▶ **Data excerpts**

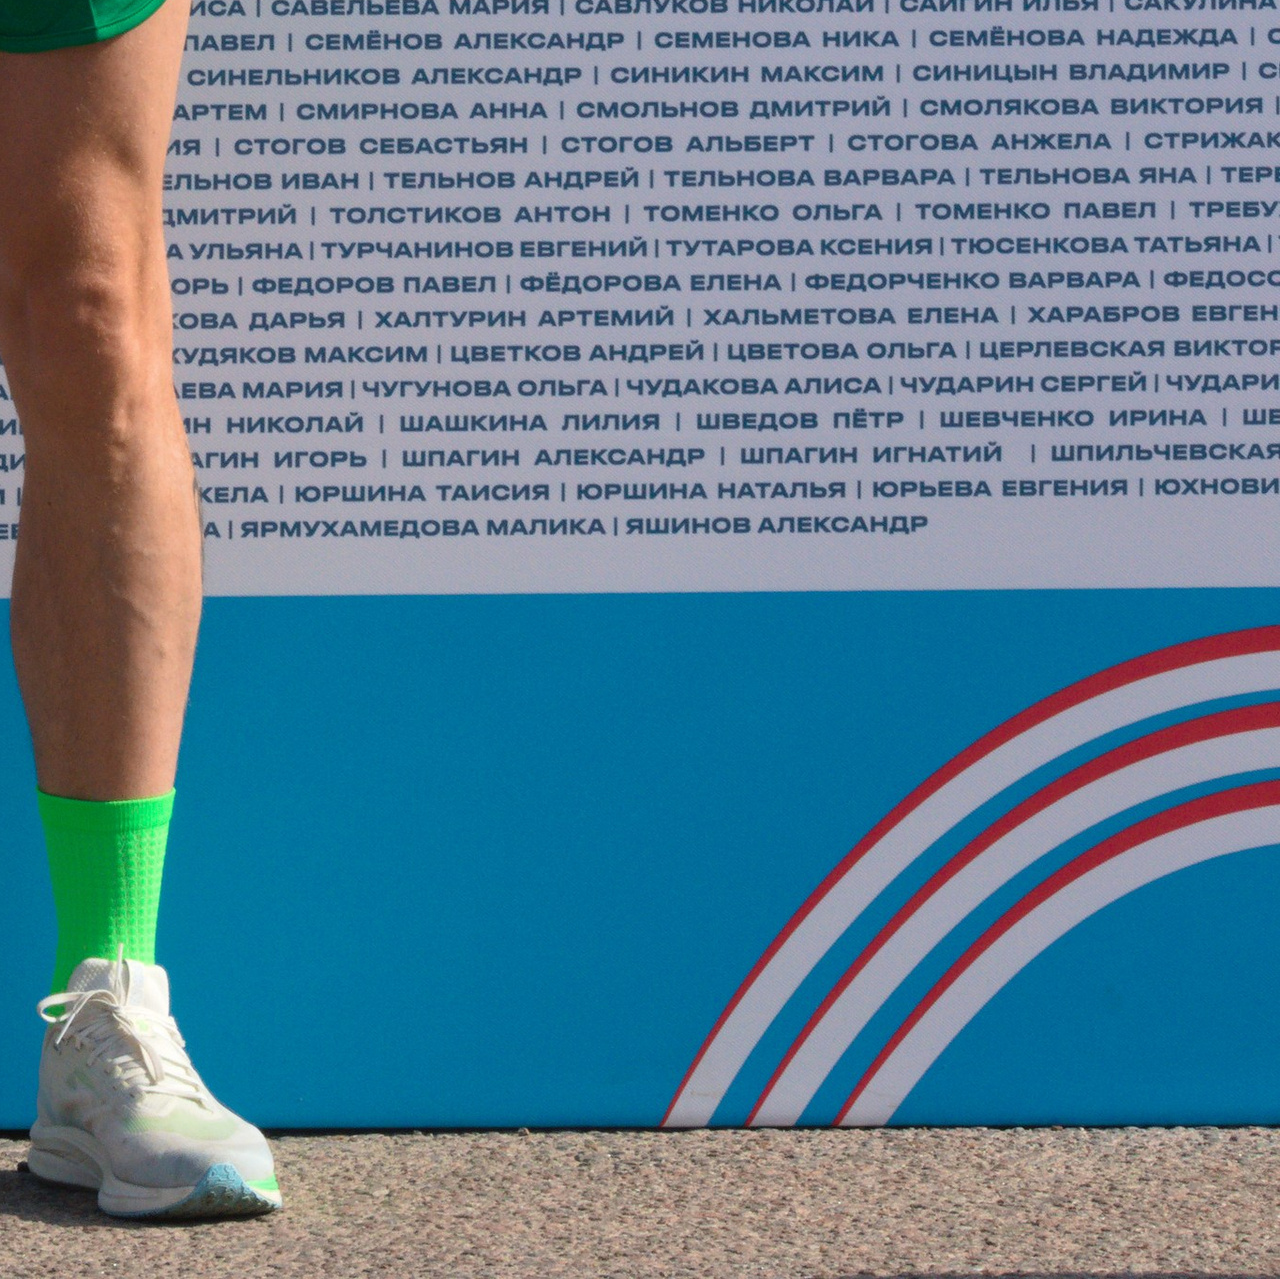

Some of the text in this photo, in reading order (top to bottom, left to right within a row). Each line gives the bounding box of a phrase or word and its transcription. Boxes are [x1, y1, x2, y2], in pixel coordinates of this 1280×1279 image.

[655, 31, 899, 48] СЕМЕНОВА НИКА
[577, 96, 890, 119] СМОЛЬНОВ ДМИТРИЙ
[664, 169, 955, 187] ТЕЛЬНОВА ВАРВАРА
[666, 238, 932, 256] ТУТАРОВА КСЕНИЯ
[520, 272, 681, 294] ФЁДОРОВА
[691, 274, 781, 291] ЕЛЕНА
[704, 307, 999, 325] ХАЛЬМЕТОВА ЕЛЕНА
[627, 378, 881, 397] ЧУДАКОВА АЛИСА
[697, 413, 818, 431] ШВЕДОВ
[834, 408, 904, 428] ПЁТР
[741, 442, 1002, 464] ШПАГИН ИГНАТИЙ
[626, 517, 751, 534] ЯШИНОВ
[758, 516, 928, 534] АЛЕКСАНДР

▶ **Work required**
An exact copy of the entries above is required, with the pictures left out.

▶ **Reply to the task**
Some of the text in this photo, in reading order (top to bottom, left to right within a row). Each line gives the bounding box of a phrase or word and its transcription. Boxes are [x1, y1, x2, y2], in pixel coordinates of this 1280×1279 image.

[655, 31, 899, 48] СЕМЕНОВА НИКА
[577, 96, 890, 119] СМОЛЬНОВ ДМИТРИЙ
[664, 169, 955, 187] ТЕЛЬНОВА ВАРВАРА
[666, 238, 932, 256] ТУТАРОВА КСЕНИЯ
[520, 272, 681, 294] ФЁДОРОВА
[691, 274, 781, 291] ЕЛЕНА
[704, 307, 999, 325] ХАЛЬМЕТОВА ЕЛЕНА
[627, 378, 881, 397] ЧУДАКОВА АЛИСА
[697, 413, 818, 431] ШВЕДОВ
[834, 408, 904, 428] ПЁТР
[741, 442, 1002, 464] ШПАГИН ИГНАТИЙ
[626, 517, 751, 534] ЯШИНОВ
[758, 516, 928, 534] АЛЕКСАНДР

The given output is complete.